NOTES TO CONSOLIDATED FINANCIAL STATEMENTS
For the three fiscal years ended December 31, 2025
NOTE 1.
BUSINESS OVERVIEW
Cadence
®
is a global market leader that develops computational, AI-driven software, accelerated hardware, and IP solutions for engineers and scientists to bring new and innovative products to life. The world’s most innovative technology companies use Cadence solutions and services to deliver transformational products to multiple industries that drive the global economy. The products these companies develop are some of the most complex systems in the world. Since its inception, Cadence has been at the forefront of technology innovation with its customers, helping them solve their most complex challenges in the semiconductor and electronic systems industries to unlock limitless opportunities.
NOTE 2.
SUMMARY OF SIGNIFICANT ACCOUNTING POLICIES
Principles of Consolidation and Basis of Presentation
The consolidated financial statements include the accounts of Cadence and its subsidiaries after elimination of intercompany accounts and transactions.

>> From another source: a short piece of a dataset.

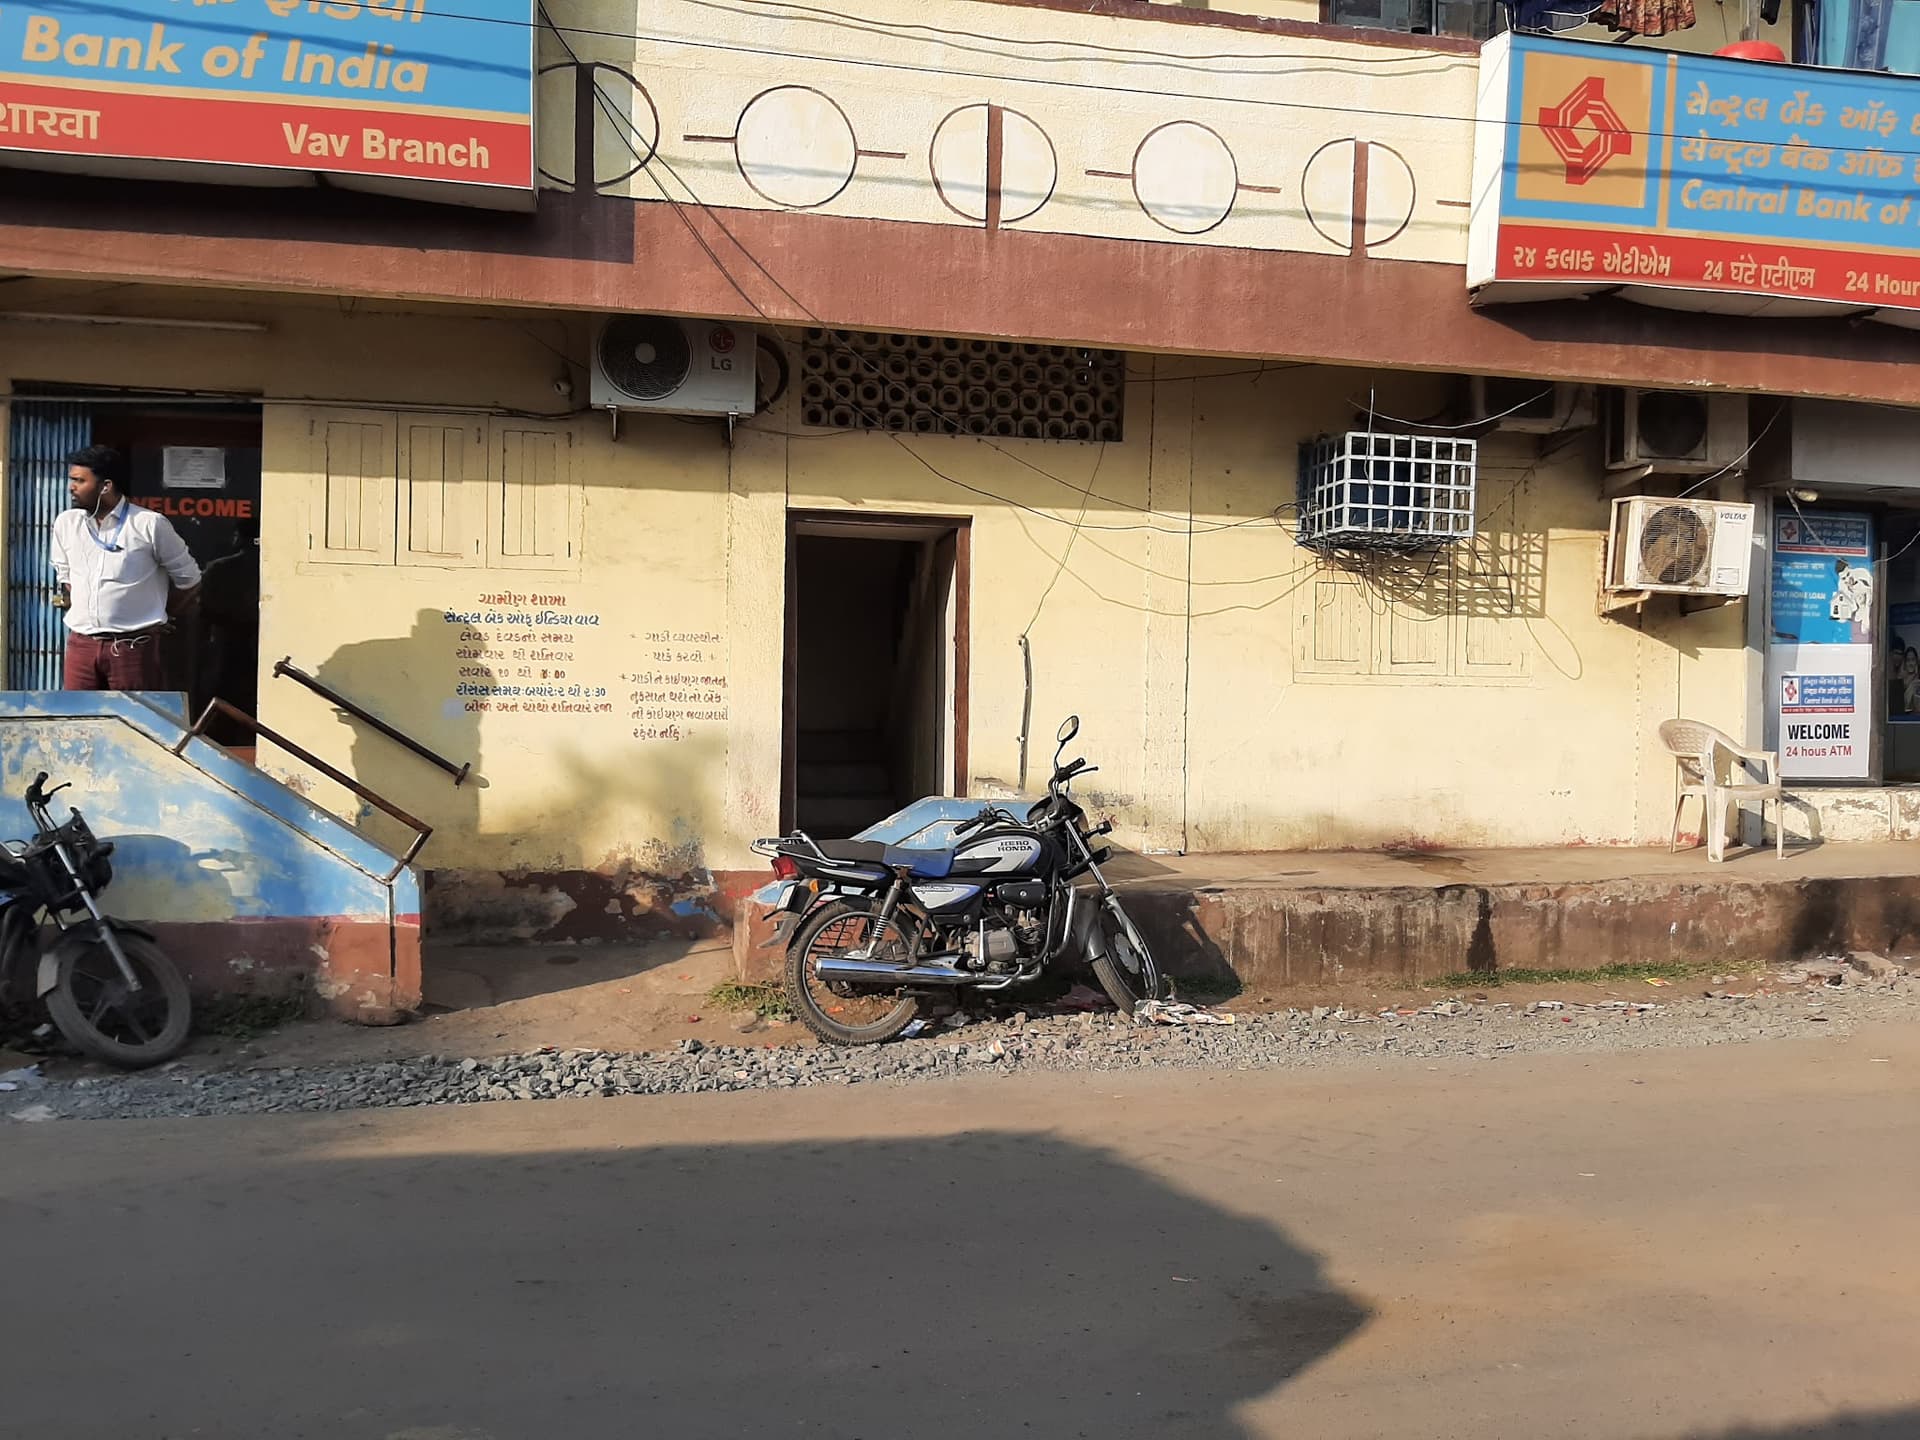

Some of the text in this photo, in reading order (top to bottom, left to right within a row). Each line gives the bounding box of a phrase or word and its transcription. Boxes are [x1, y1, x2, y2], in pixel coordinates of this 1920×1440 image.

All consolidated subsidiaries are wholly owned by Cadence. Certain prior year information has been reclassified to conform to the current year presentation.
Cadence’s fiscal year end is December 31, and its fiscal quarters end on March 31, June 30, and September 30.
Use of Estimates
Preparation of the consolidated financial statements in conformity with United States generally accepted accounting principles requires management to make estimates and assumptions that affect the reported amounts of assets and liabilities and disclosure of contingent assets and liabilities at the date of the consolidated financial statements and the reported amounts of revenue and expenses during the reporting period. Actual results could differ from those estimates.
Recently Adopted Accounting Standards
Income Taxes
In December 2023, the Financial Accounting Standards Board (“FASB”) issued accounting standards update (“ASU”) No. 2023-09, “Income Taxes (Topic 740): Improvements to Income Tax Disclosures,” (“ASU 2023-09”) which requires disclosure of disaggregated income taxes paid, prescribes standard categories for the components of the effective tax rate reconciliation, and modifies other income tax-related disclosures. Cadence adopted this ASU prospectively during fiscal 2025. See Note 8 in the notes to the consolidated financial statements for further details.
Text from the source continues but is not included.